----- RECORD EXTRACTS -----
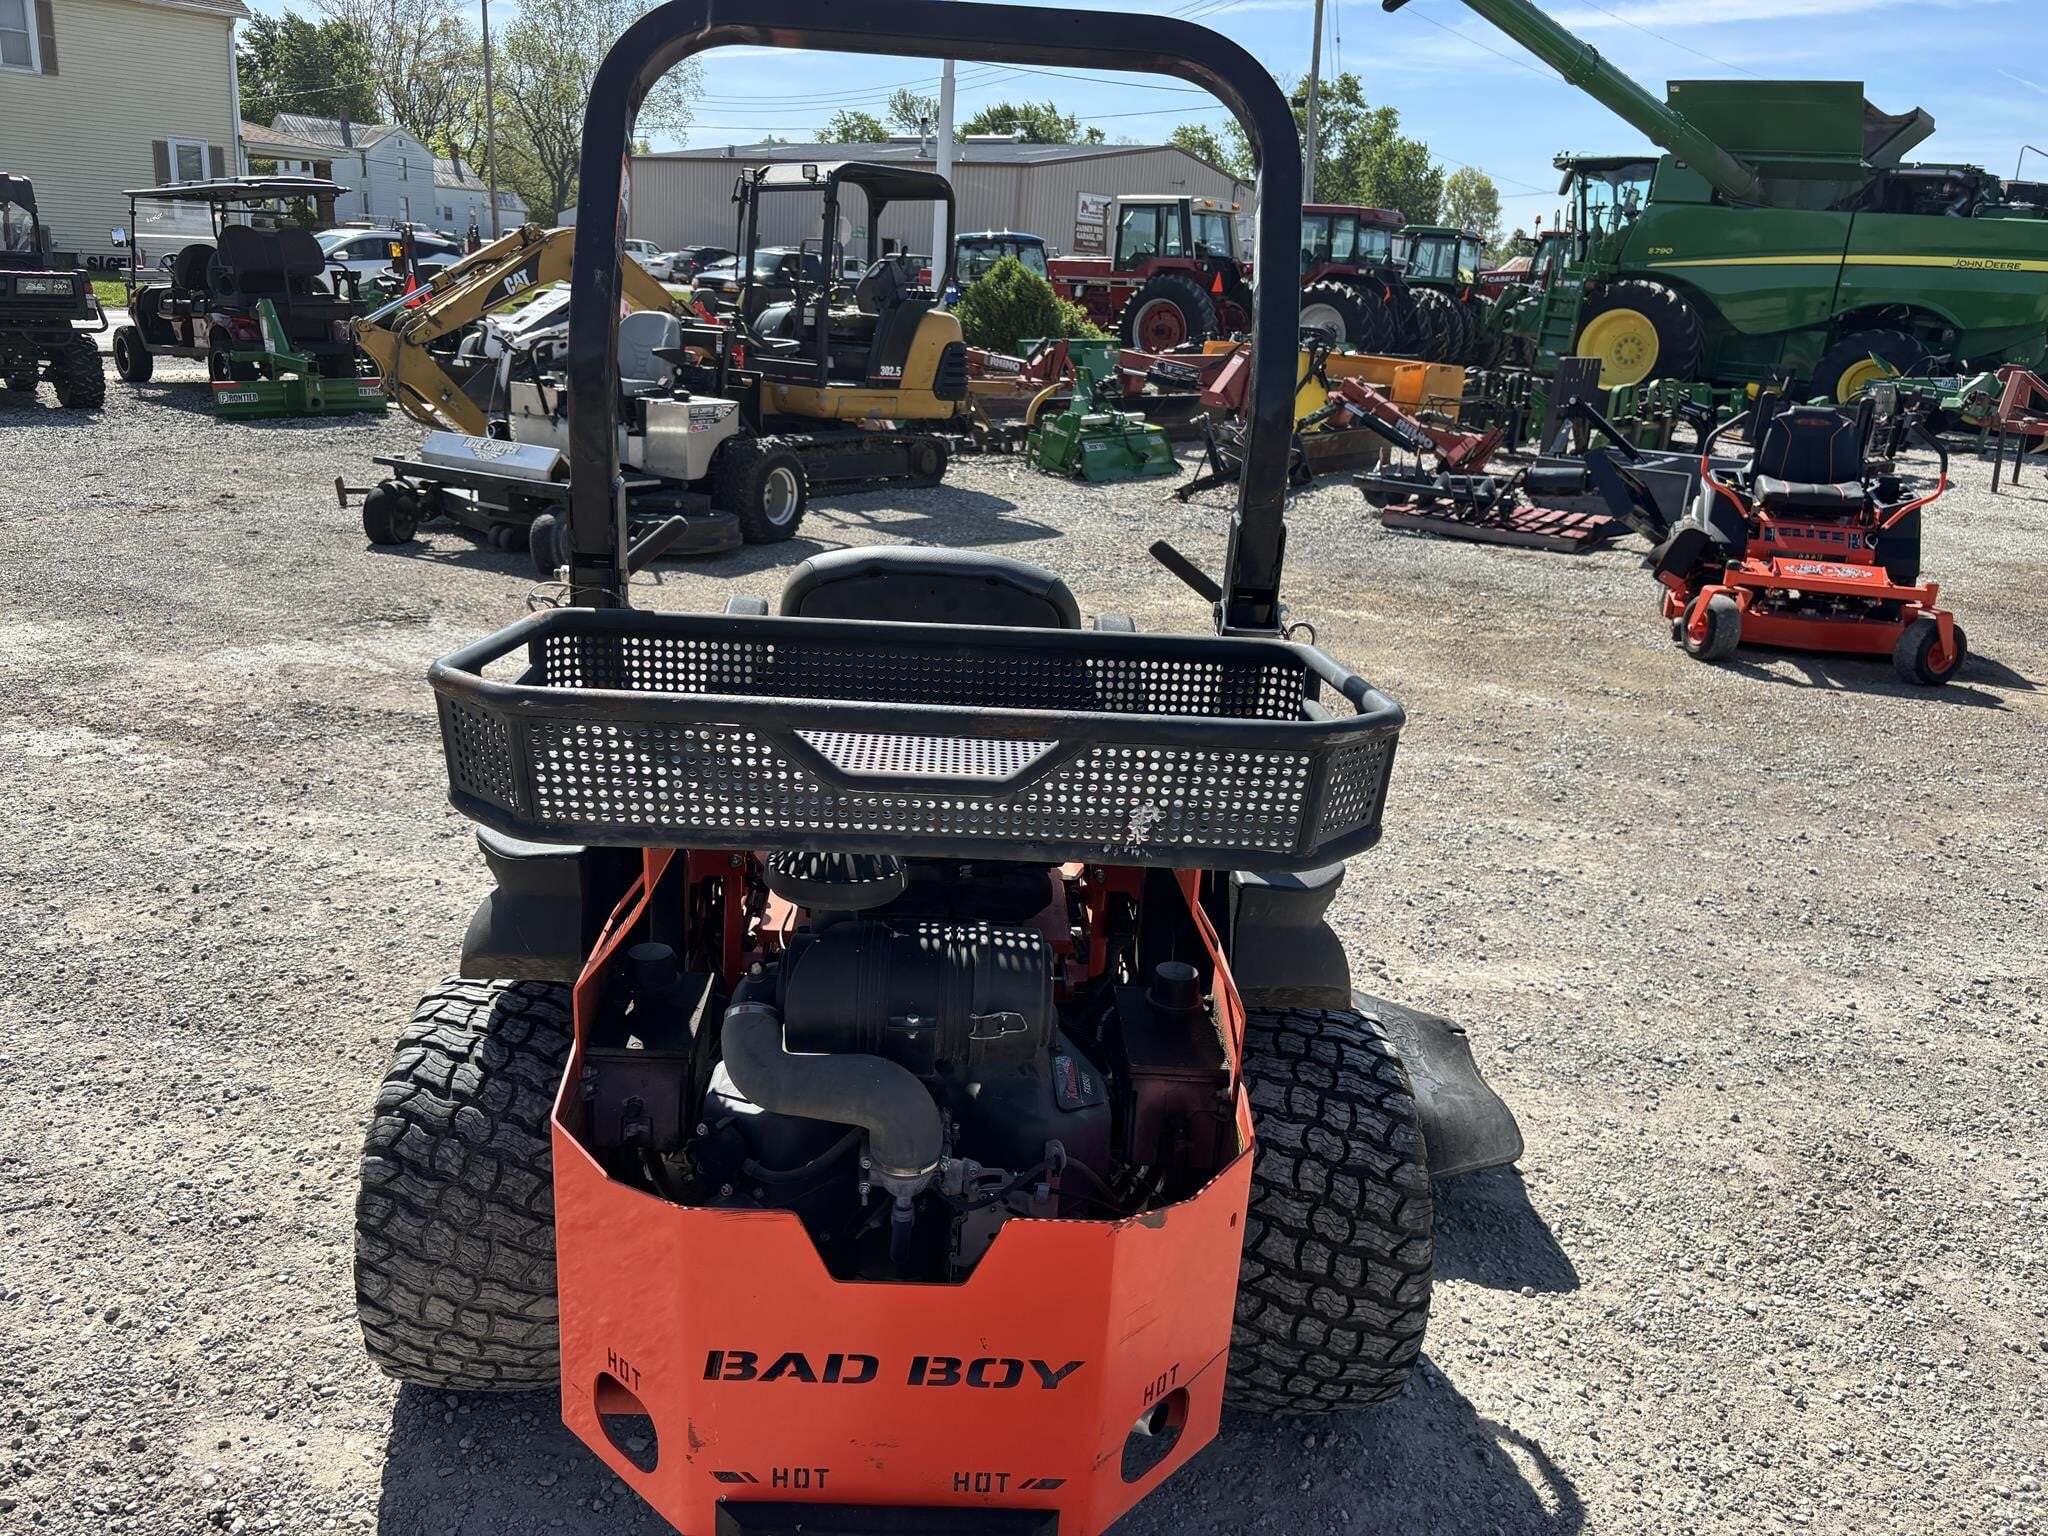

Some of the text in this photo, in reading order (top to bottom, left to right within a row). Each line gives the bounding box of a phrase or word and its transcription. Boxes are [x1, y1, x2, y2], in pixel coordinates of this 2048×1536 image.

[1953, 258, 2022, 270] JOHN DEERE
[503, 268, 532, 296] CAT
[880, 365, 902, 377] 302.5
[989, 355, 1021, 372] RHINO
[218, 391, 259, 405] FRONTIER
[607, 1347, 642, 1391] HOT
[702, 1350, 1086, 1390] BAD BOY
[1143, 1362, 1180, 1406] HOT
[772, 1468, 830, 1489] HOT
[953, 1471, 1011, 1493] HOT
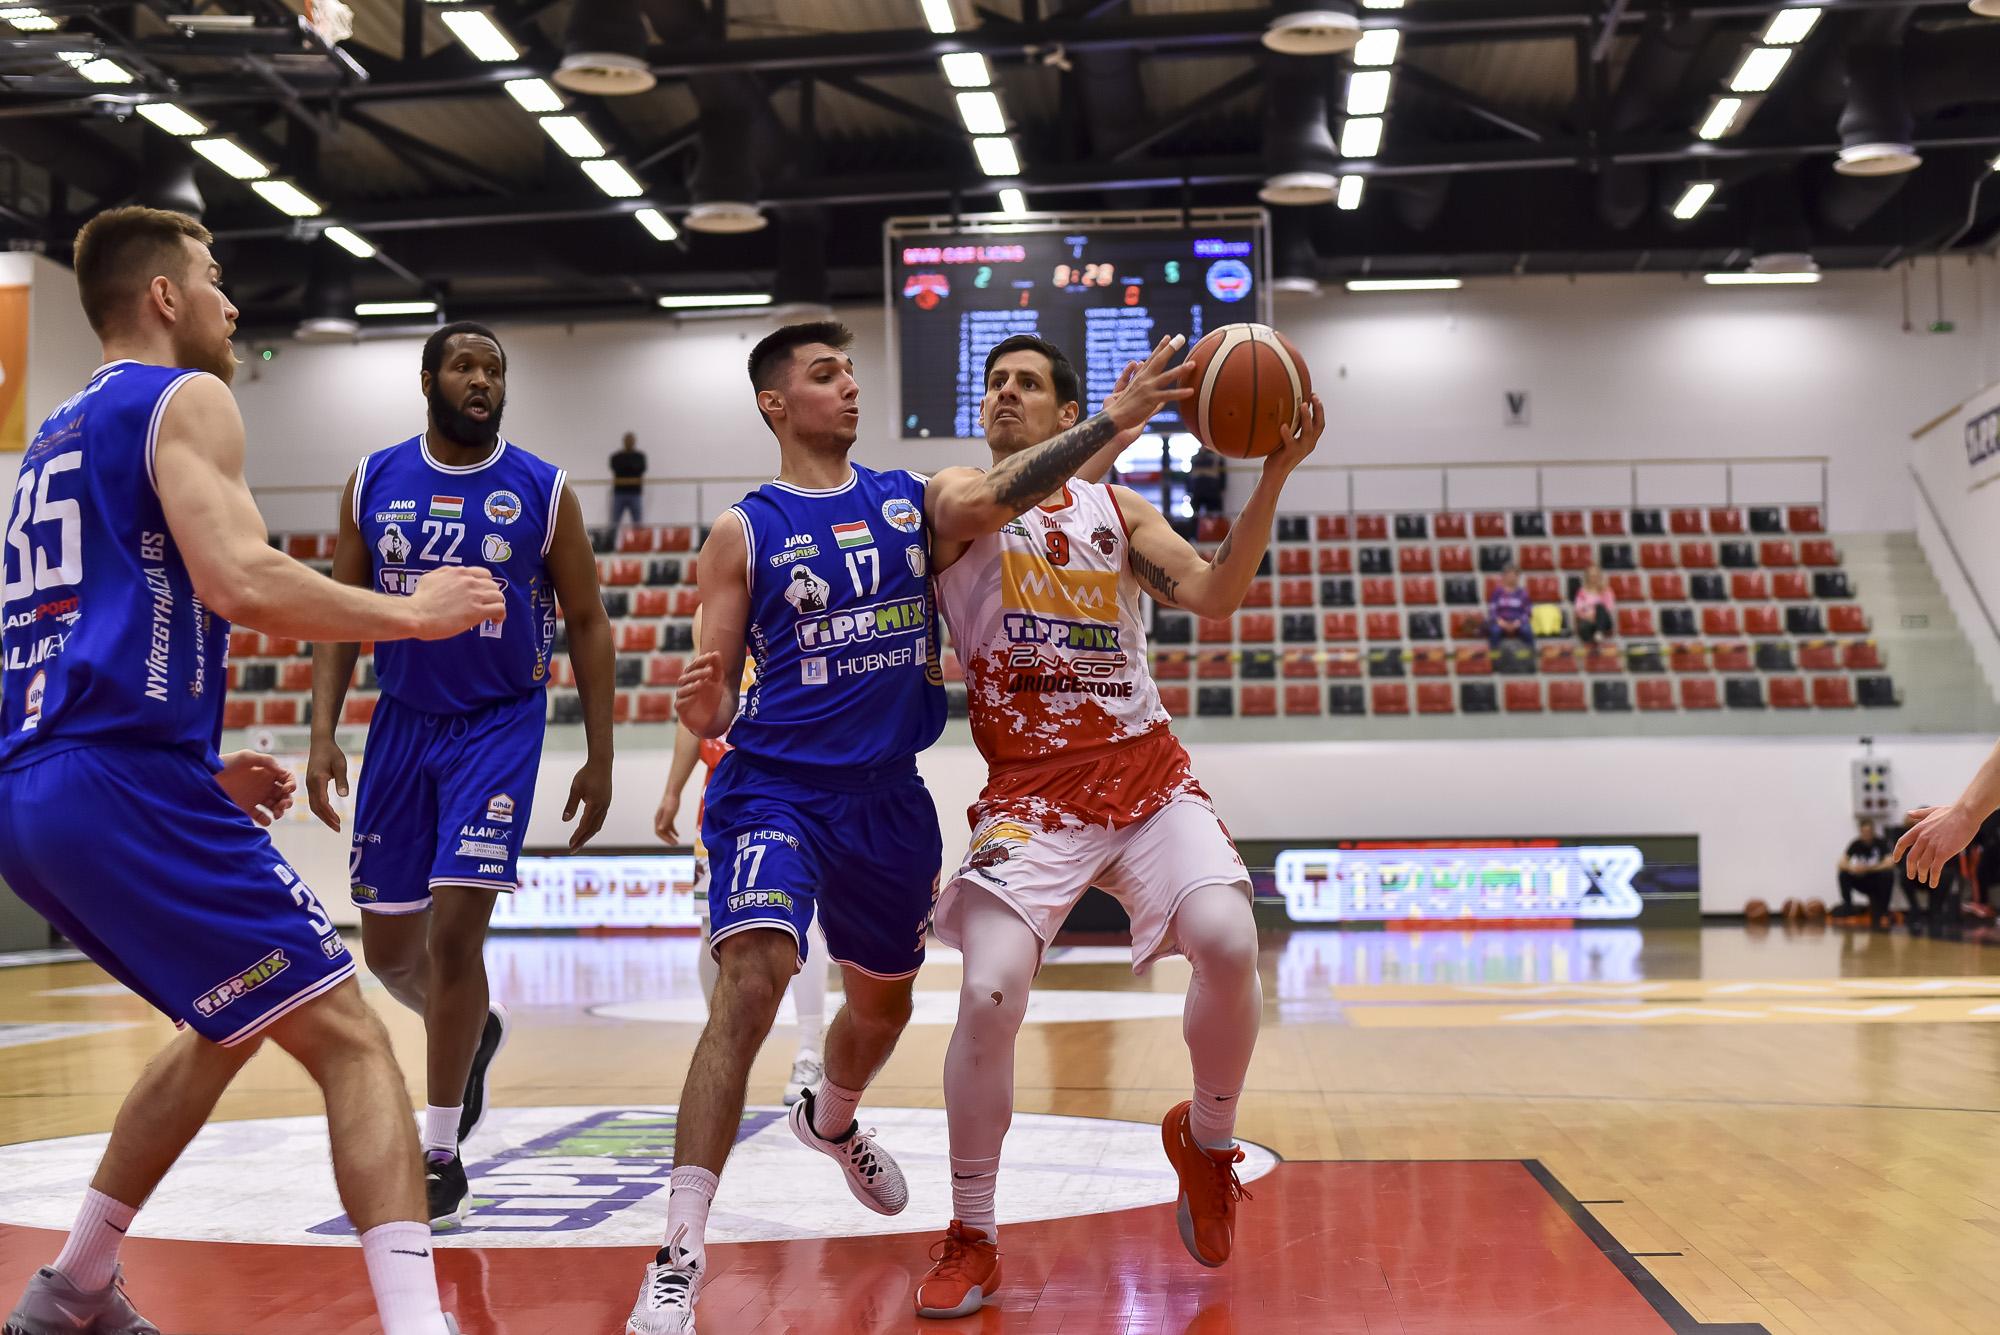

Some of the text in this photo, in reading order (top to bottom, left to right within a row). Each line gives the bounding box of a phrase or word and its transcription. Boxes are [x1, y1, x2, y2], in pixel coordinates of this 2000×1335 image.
-----
§ EXERCISE
The reply should repeat the listing above exactly and contain no pictures.

§ ANSWER BOX
Some of the text in this photo, in reading order (top to bottom, left to right within a row). Each line gives the bounding box of a phrase or word and its transcription. Boxes are [x1, y1, x2, y2], in pixel coordinates of this 2048×1536 image.

[1953, 258, 2022, 270] JOHN DEERE
[503, 268, 532, 296] CAT
[880, 365, 902, 377] 302.5
[989, 355, 1021, 372] RHINO
[218, 391, 259, 405] FRONTIER
[607, 1347, 642, 1391] HOT
[702, 1350, 1086, 1390] BAD BOY
[1143, 1362, 1180, 1406] HOT
[772, 1468, 830, 1489] HOT
[953, 1471, 1011, 1493] HOT

Some of the text in this photo, in reading order (top to bottom, left to right within a row). Each line gives the bounding box of a phrase or word and its transcription. Boxes are [x1, y1, x2, y2], in pixel coordinates of this 2000×1335 image.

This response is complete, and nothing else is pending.